Stewart’s Diana is a luminous and haunted creature, much like she was in real life. She is surrounded by the ghosts of all the lives she is not allowed to live and constrained by a future she can predict with startling accuracy. Throughout the course of the film, she is made at every turn to feel like she’s dancing on the knife edge of sanity, but to the working class viewer Diana appears to be the only sane one in the group of royals. I mean, how hard should it be to get someone to turn the heat on? And is it really asking too much to not want to be weighed before entering the hallowed premises like some Holstein cow at a livestock auction?
To a far lesser degree, I feel as if I understand Diana’s plight. I know what it’s like to have seemingly everyone in the world wanting something from you that you feel ill-equipped to give, wanting nothing more for yourself than to be left alone. During one scene from the film, Diana is secretly eating when one of the Sandringham House caretakers accosts her and tells her that because of the recent media attention she’s attracted, she would do well to close her blinds while she changes clothes. It’s a little early to speculate, but if (and this is a big if) Stewart wins the Oscar for Best Actress, it will be in large part because of her retort, which I’m including below:
Their lenses are more like microscopes, really. And I’m the insect in the dish. See, they’re pulling my wings and my legs off one by one — making notes on how I react.
Princess Diana was one of the first women castigated on a truly global scale by the mass media.

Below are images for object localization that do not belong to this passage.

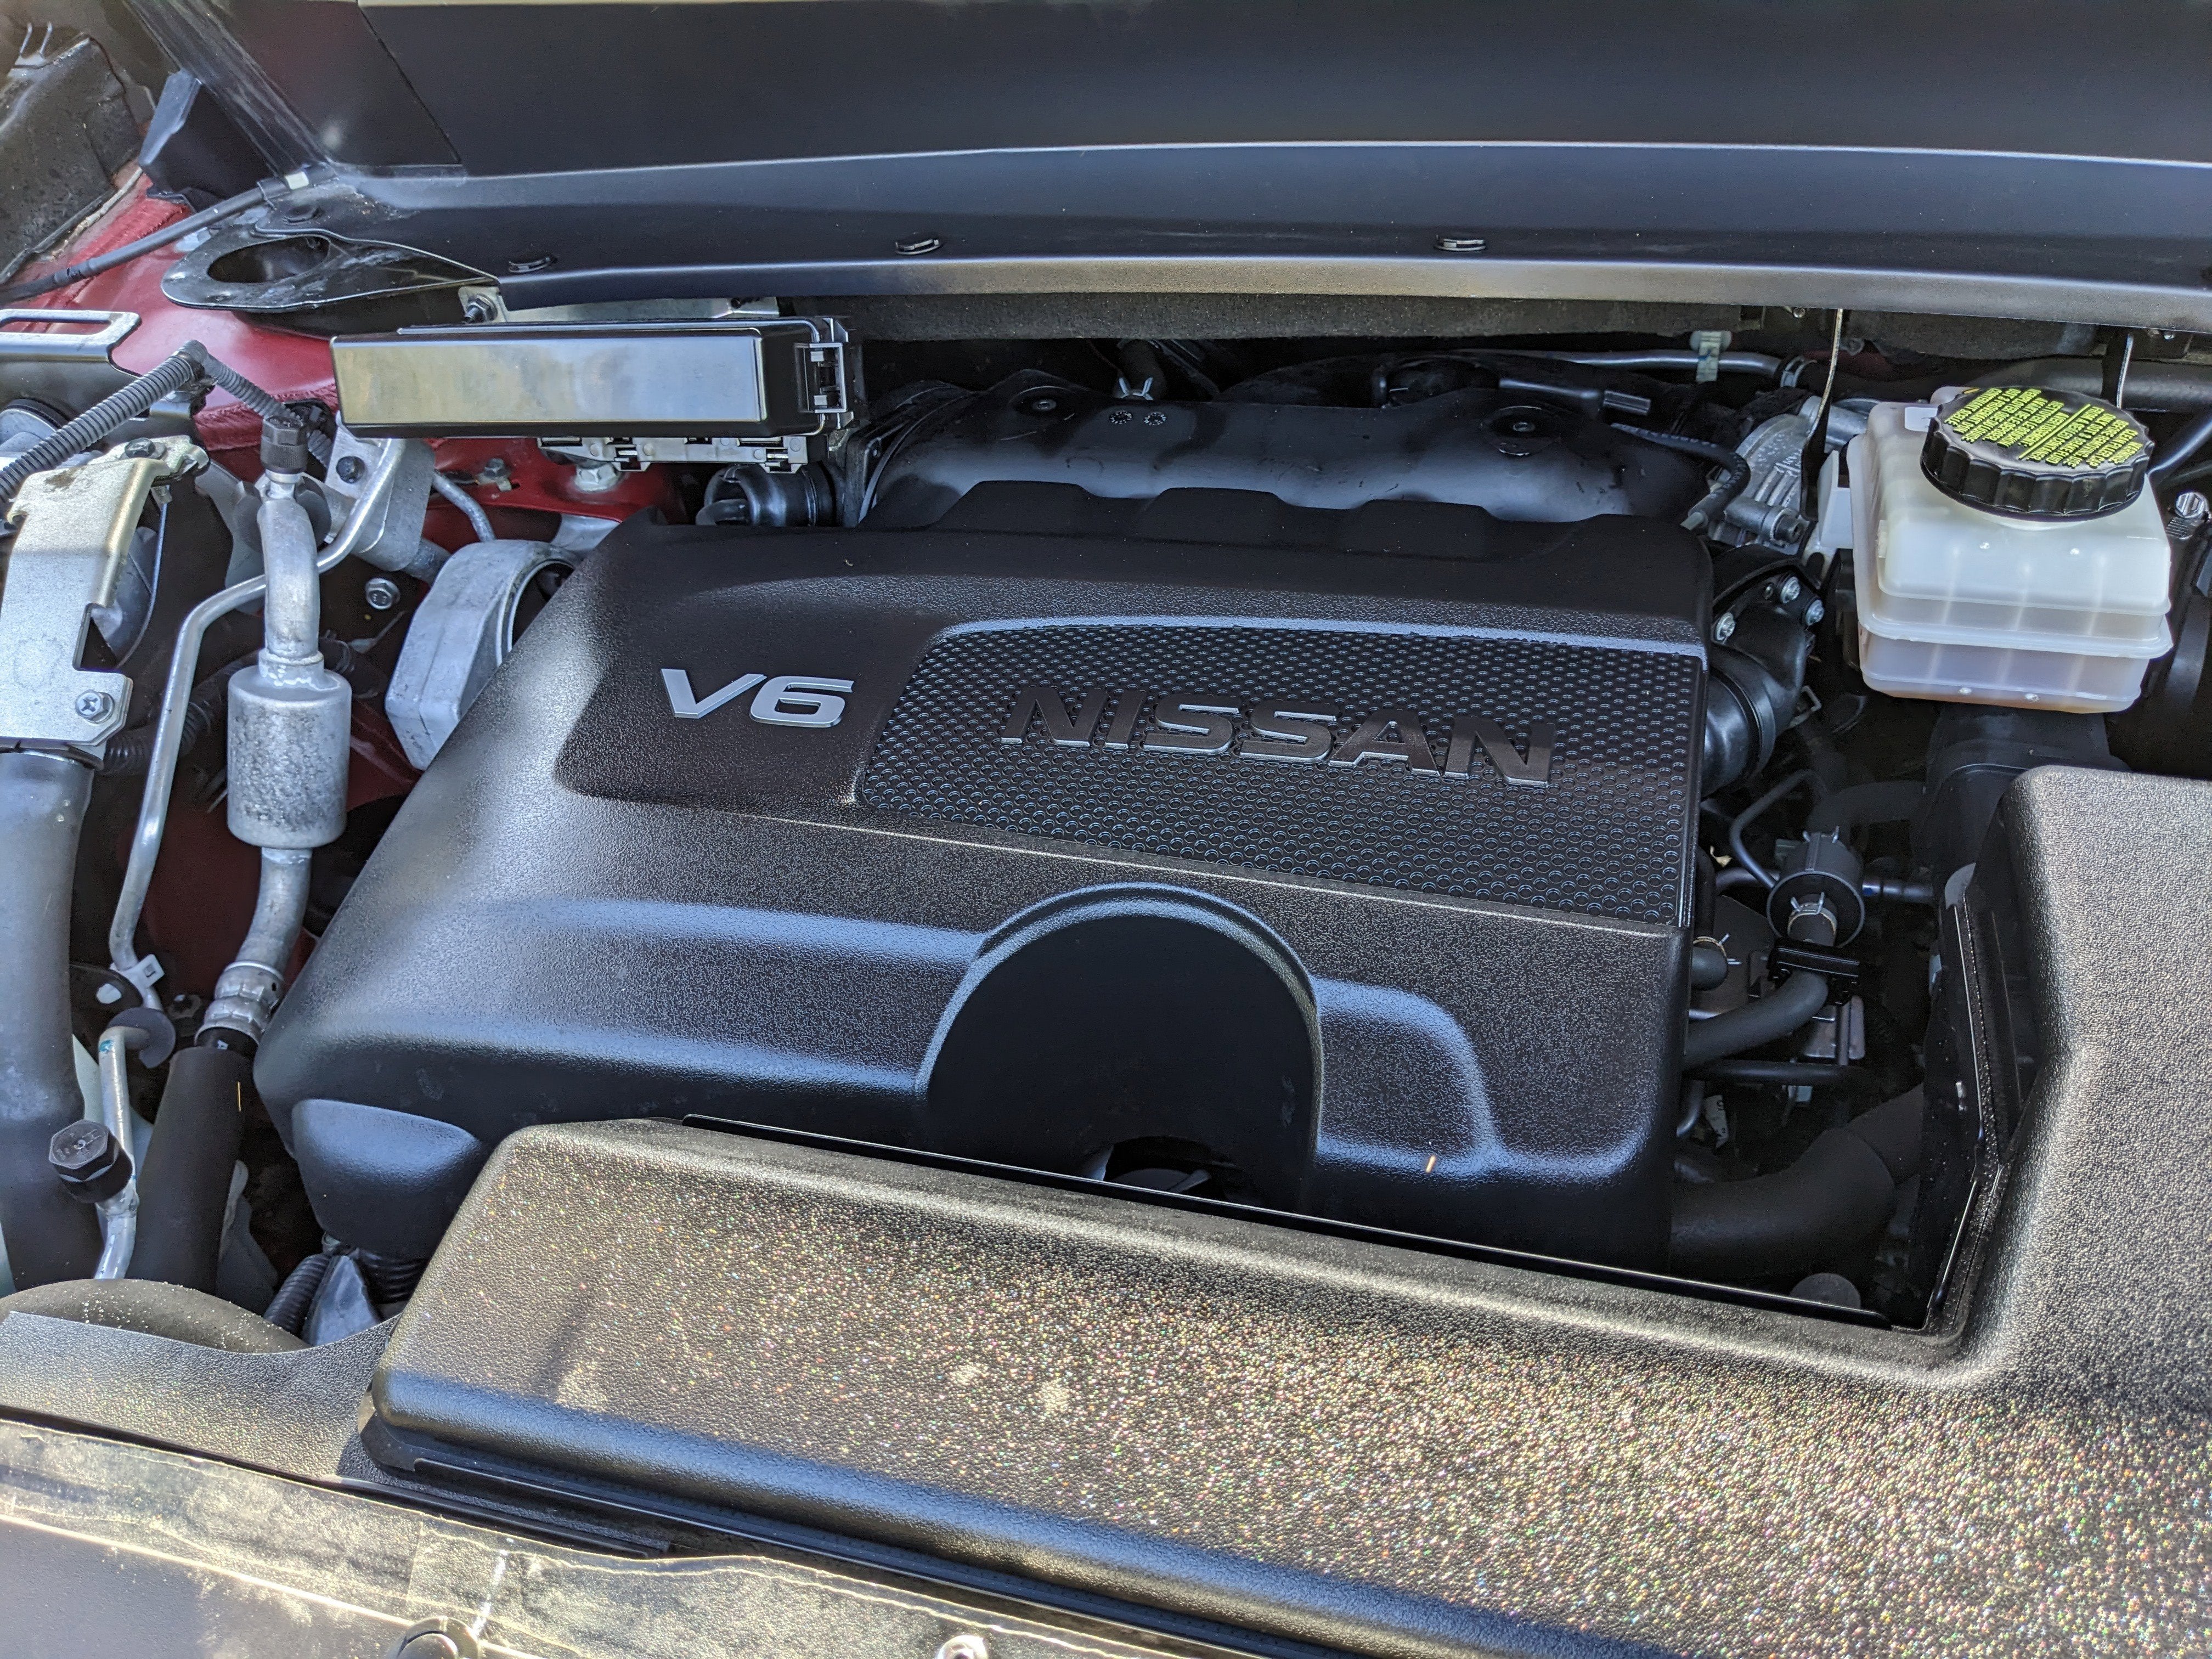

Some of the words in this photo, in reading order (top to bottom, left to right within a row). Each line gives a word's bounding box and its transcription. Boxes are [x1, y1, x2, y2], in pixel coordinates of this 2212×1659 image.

[1964, 388, 2002, 412] CONTENANT
[2001, 388, 2021, 399] DOT
[1966, 399, 2006, 424] PROVENANT
[2020, 397, 2048, 414] AVANT
[2026, 400, 2064, 424] NETTOYER
[2079, 406, 2104, 421] FROM
[1988, 410, 2011, 422] QUE
[2092, 412, 2116, 426] ONLY
[1961, 424, 1991, 442] LIQUIDE
[2055, 421, 2085, 439] SEALED
[2082, 422, 2103, 435] DOT
[2099, 419, 2128, 437] BEFORE
[2112, 428, 2137, 444] CLEAN
[1998, 426, 2030, 447] BOUCHON
[2058, 437, 2086, 453] BRAKE
[2093, 442, 2123, 458] FILLER
[2046, 449, 2069, 464] FLUID
[2063, 455, 2083, 467] USE
[2086, 454, 2105, 467] CAP
[661, 668, 855, 727] V6
[1000, 685, 1556, 788] NISSAN

Every grain of her private life was excavated and inspected for its potential value. The scales at Sandringham House become a metaphor for Diana’s entire existence: At every turn she is weighed and found wanting until there is nothing left of her but the image and the simulacrum of the person she wants to be.
Whatever you want to call Spencer, it is not a biopic. It is a snapshot, a few pages torn from the diary of a life. It’s a deeply-felt character study of a woman flirting with the darkness in her own mind. There are parts of the film I wouldn’t hesitate to call Hitchcockian, and it wouldn’t surprise me a bit if Stewart watched Kim Novak’s performance in Vertigo before filming a pivotal scene at the ruins of Park House.
All in all, Spencer is a delightfully stylish, if unsettling portrait of one of the most beloved, misunderstood, and mercurial figures of the twentieth century. Just give Stewart the freaking Oscar already.
Spencer was released on November 5th, 2021 and is now available to stream on YouTube, Google Play Movies & TV, Amazon Prime Video, Apple TV, and Vudu.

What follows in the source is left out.